⟨

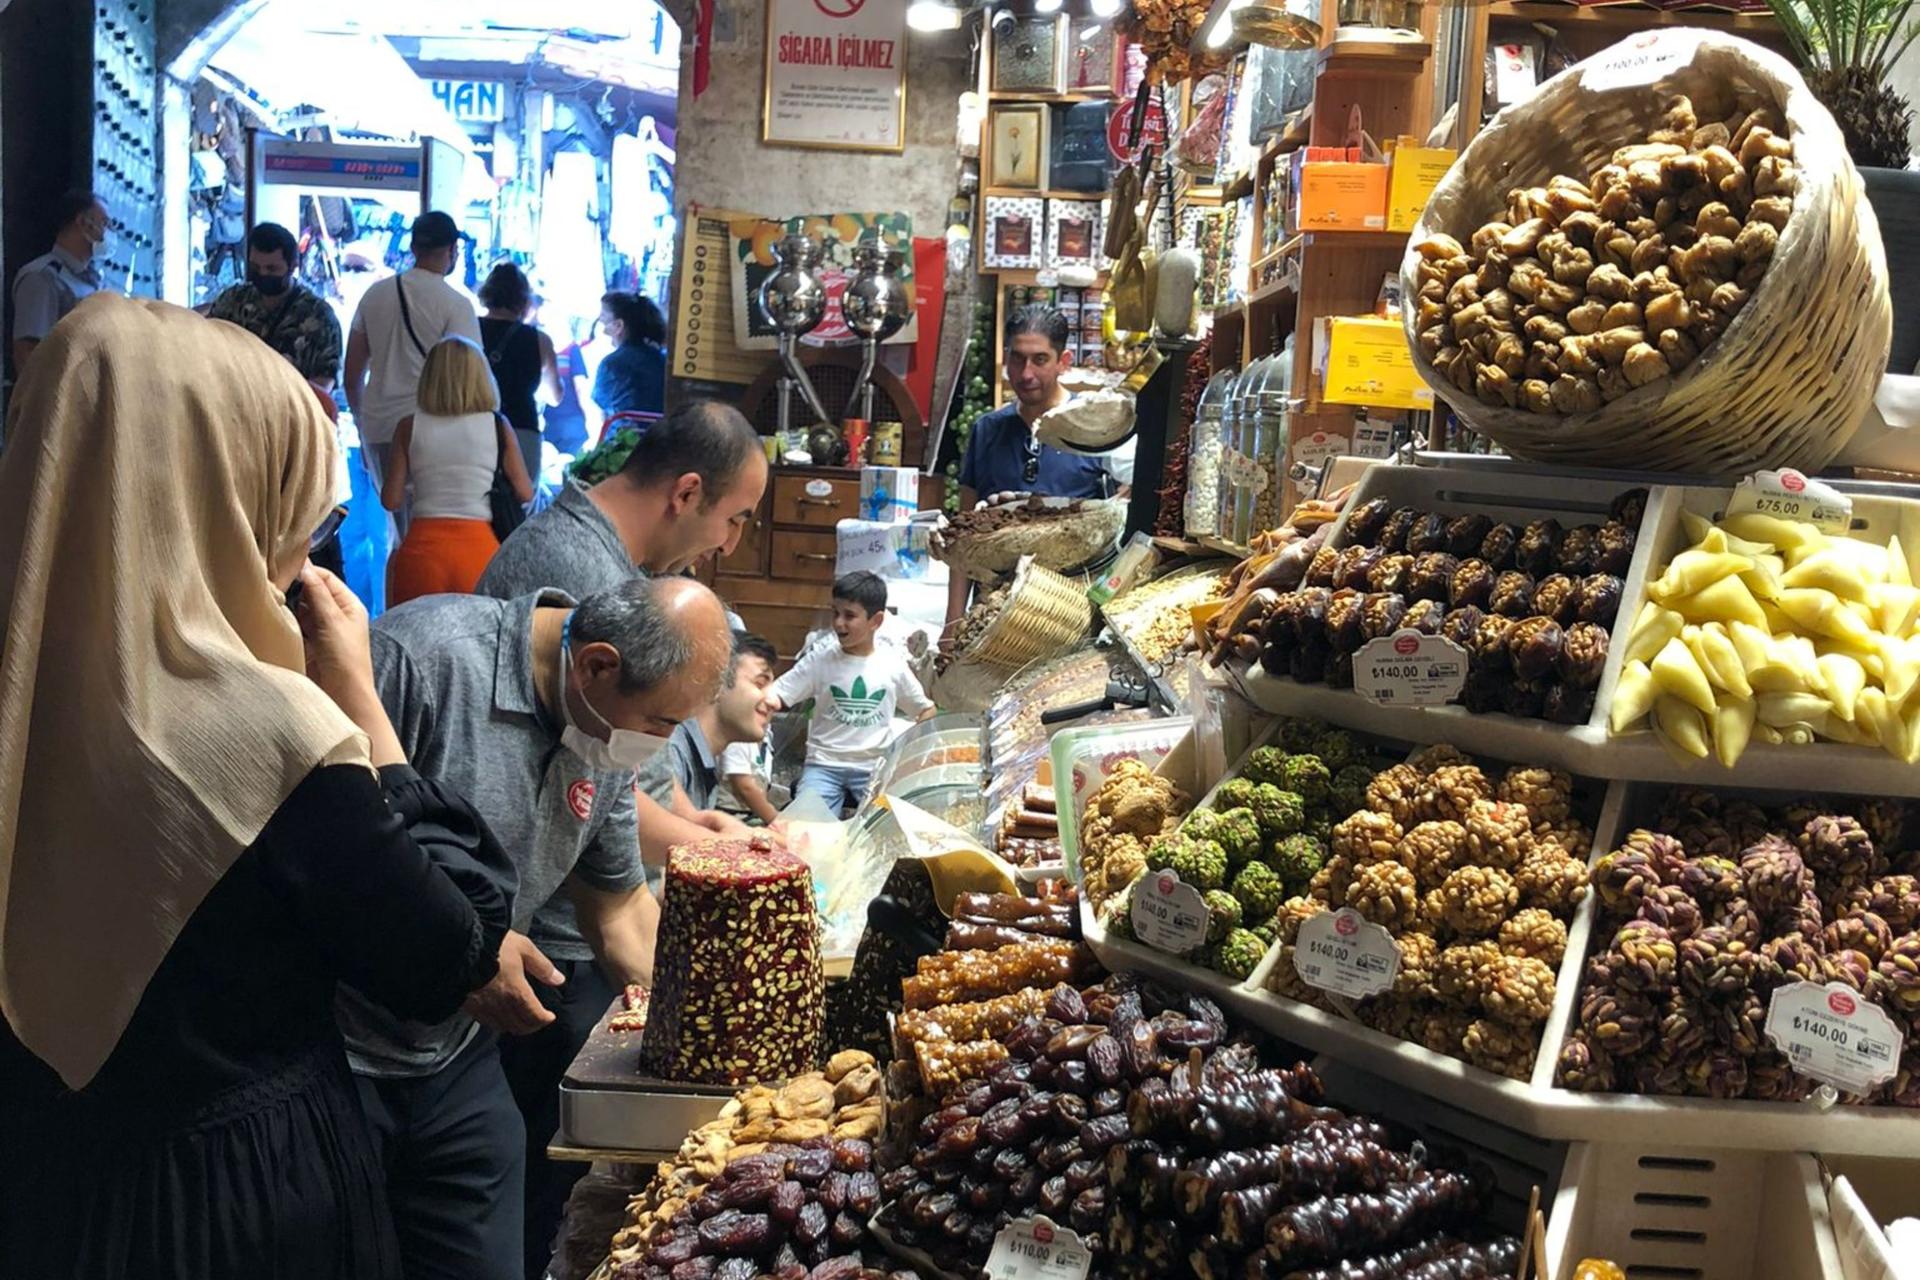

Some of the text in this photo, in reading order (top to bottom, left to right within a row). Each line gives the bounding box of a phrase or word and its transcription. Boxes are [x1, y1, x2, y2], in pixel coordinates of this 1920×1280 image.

[778, 31, 895, 71] SİGARA İÇİLMEZ
[1372, 666, 1418, 679] ₺140,00
[1793, 1015, 1848, 1045] ₺140,00
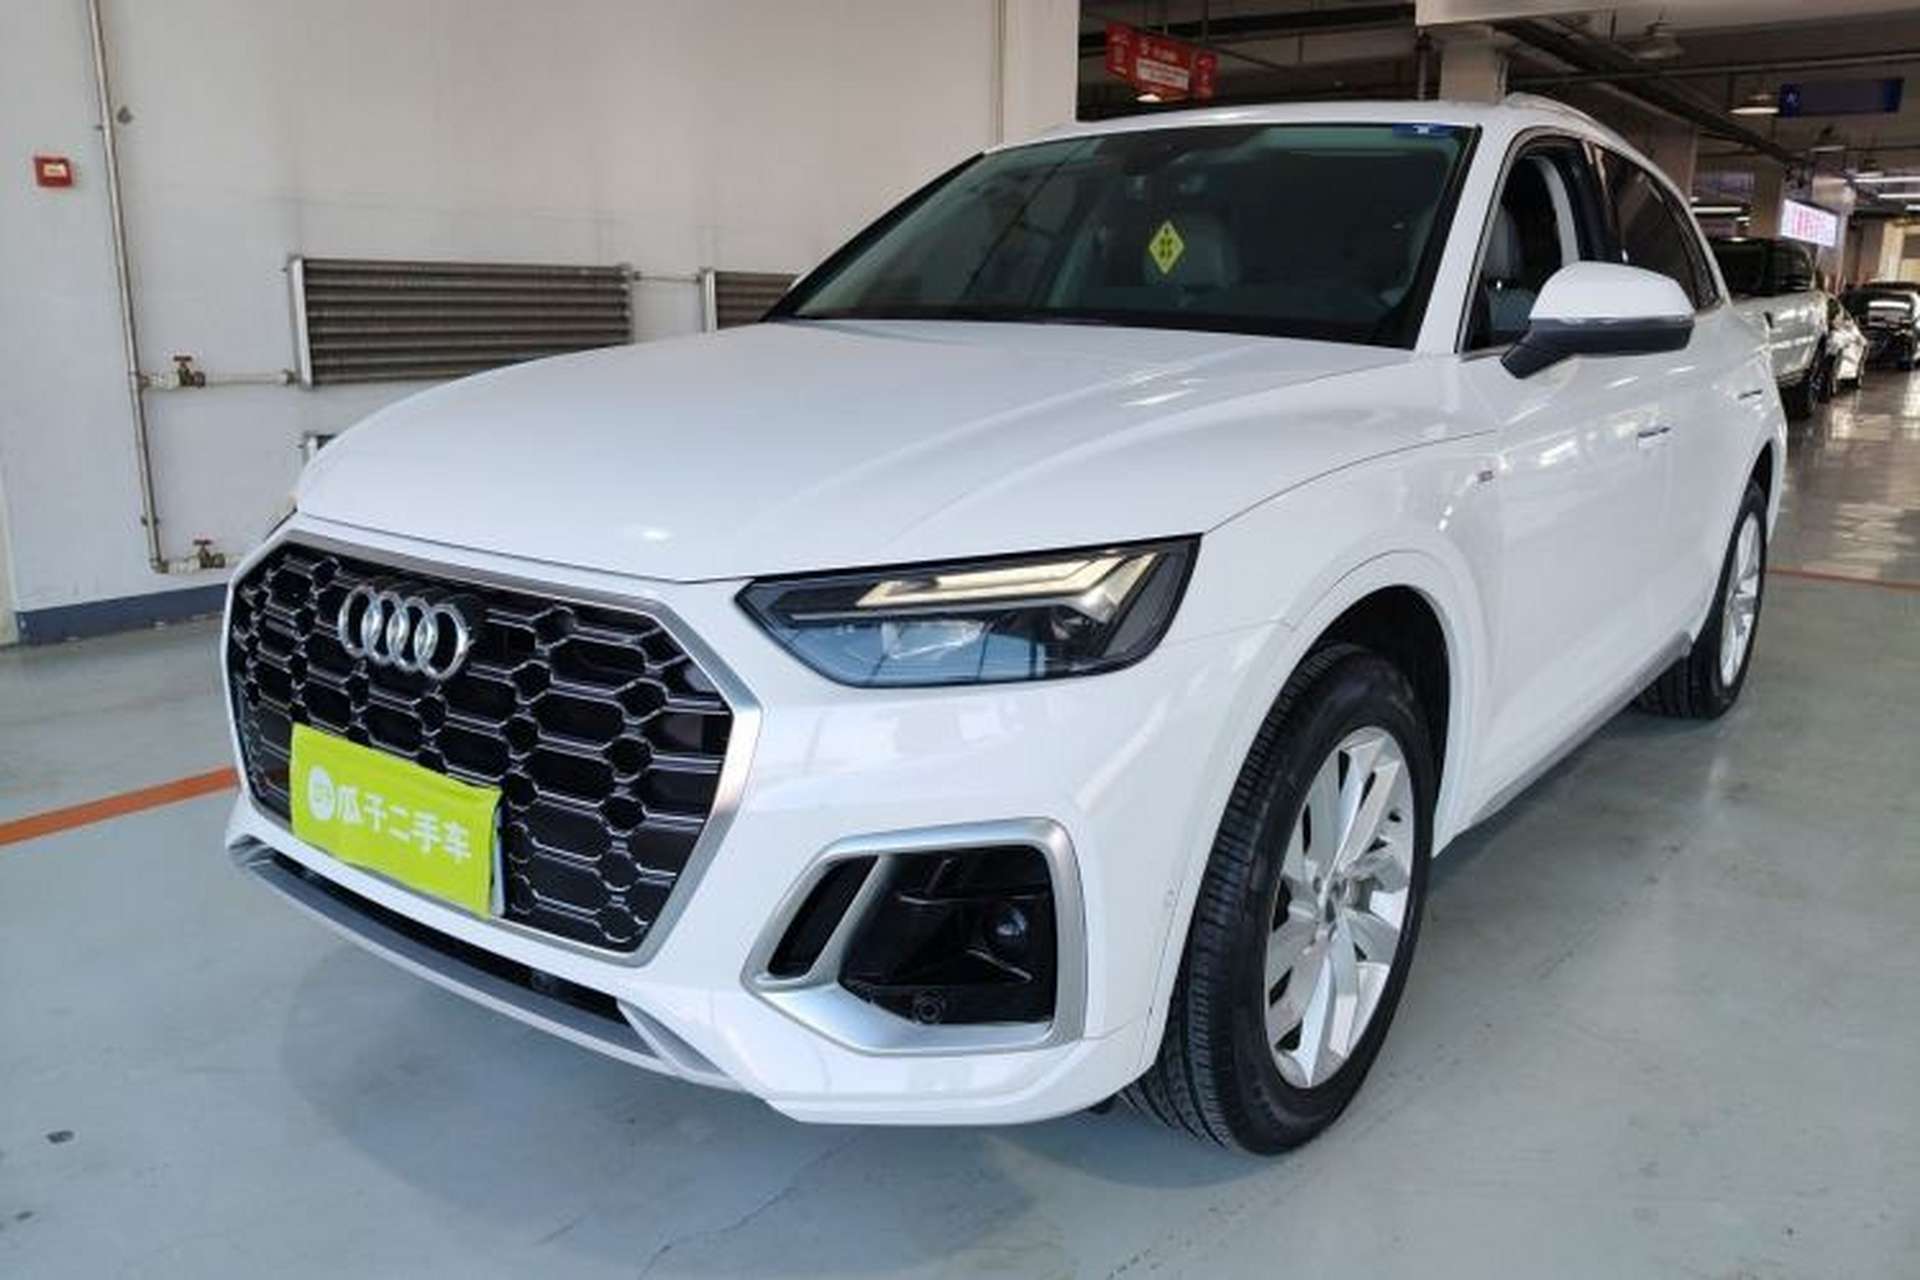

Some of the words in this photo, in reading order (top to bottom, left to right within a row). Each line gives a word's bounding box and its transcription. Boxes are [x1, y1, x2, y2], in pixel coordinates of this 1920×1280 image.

[337, 785, 471, 863] 瓜子二手车
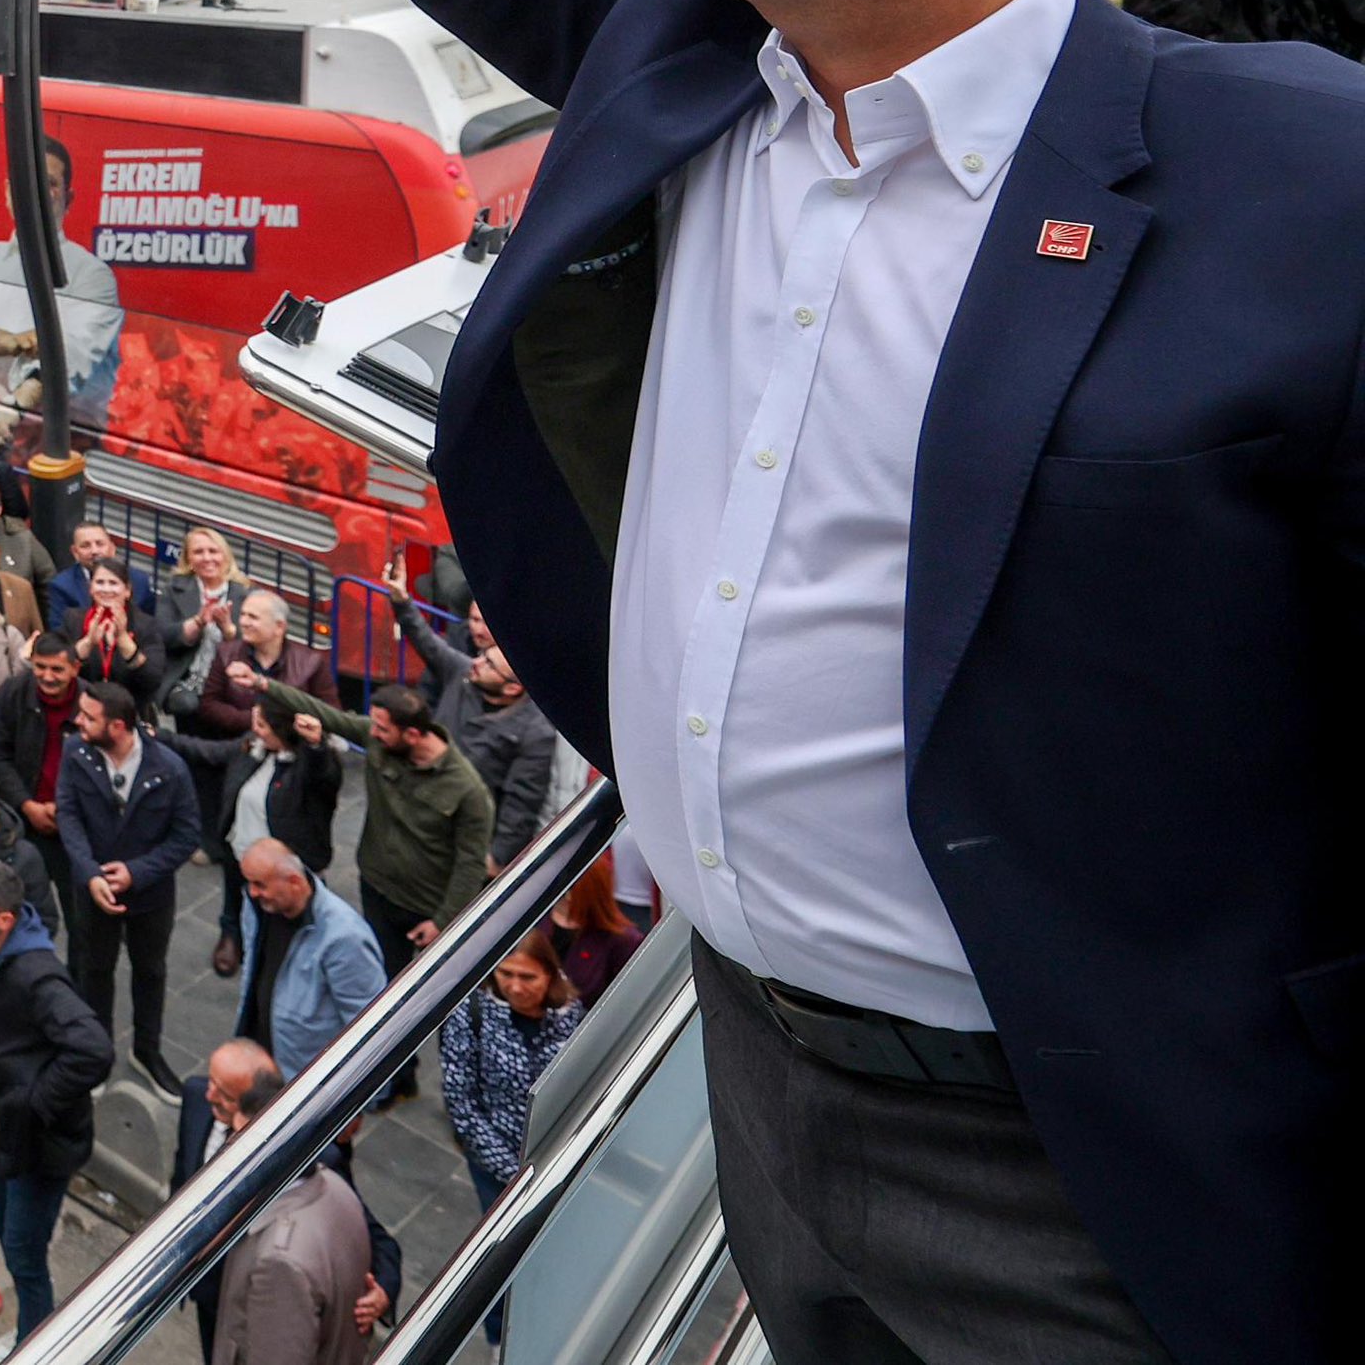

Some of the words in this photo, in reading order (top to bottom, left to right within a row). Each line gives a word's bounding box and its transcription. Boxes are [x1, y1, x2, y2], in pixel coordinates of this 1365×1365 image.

⟩

[Task description]
Repeat the preceding records precisely, and leave every picture out of the copy.

[Exercise response]
Some of the text in this photo, in reading order (top to bottom, left to right within a row). Each line gives the bounding box of a phrase or word and its transcription. Boxes are [x1, y1, x2, y2], in pixel coordinates of this 1920×1280 image.

[778, 31, 895, 71] SİGARA İÇİLMEZ
[1372, 666, 1418, 679] ₺140,00
[1793, 1015, 1848, 1045] ₺140,00

Some of the words in this photo, in reading order (top to bottom, left to right within a row). Each line gives a word's bounding box and its transcription. Boxes are [x1, y1, x2, y2], in pixel coordinates of this 1920×1280 image.

[337, 785, 471, 863] 瓜子二手车

Some of the words in this photo, in reading order (top to bottom, left to right within a row). Each line gives a word's bounding box and its transcription. Boxes are [x1, y1, x2, y2], in pixel coordinates of this 1365×1365 image.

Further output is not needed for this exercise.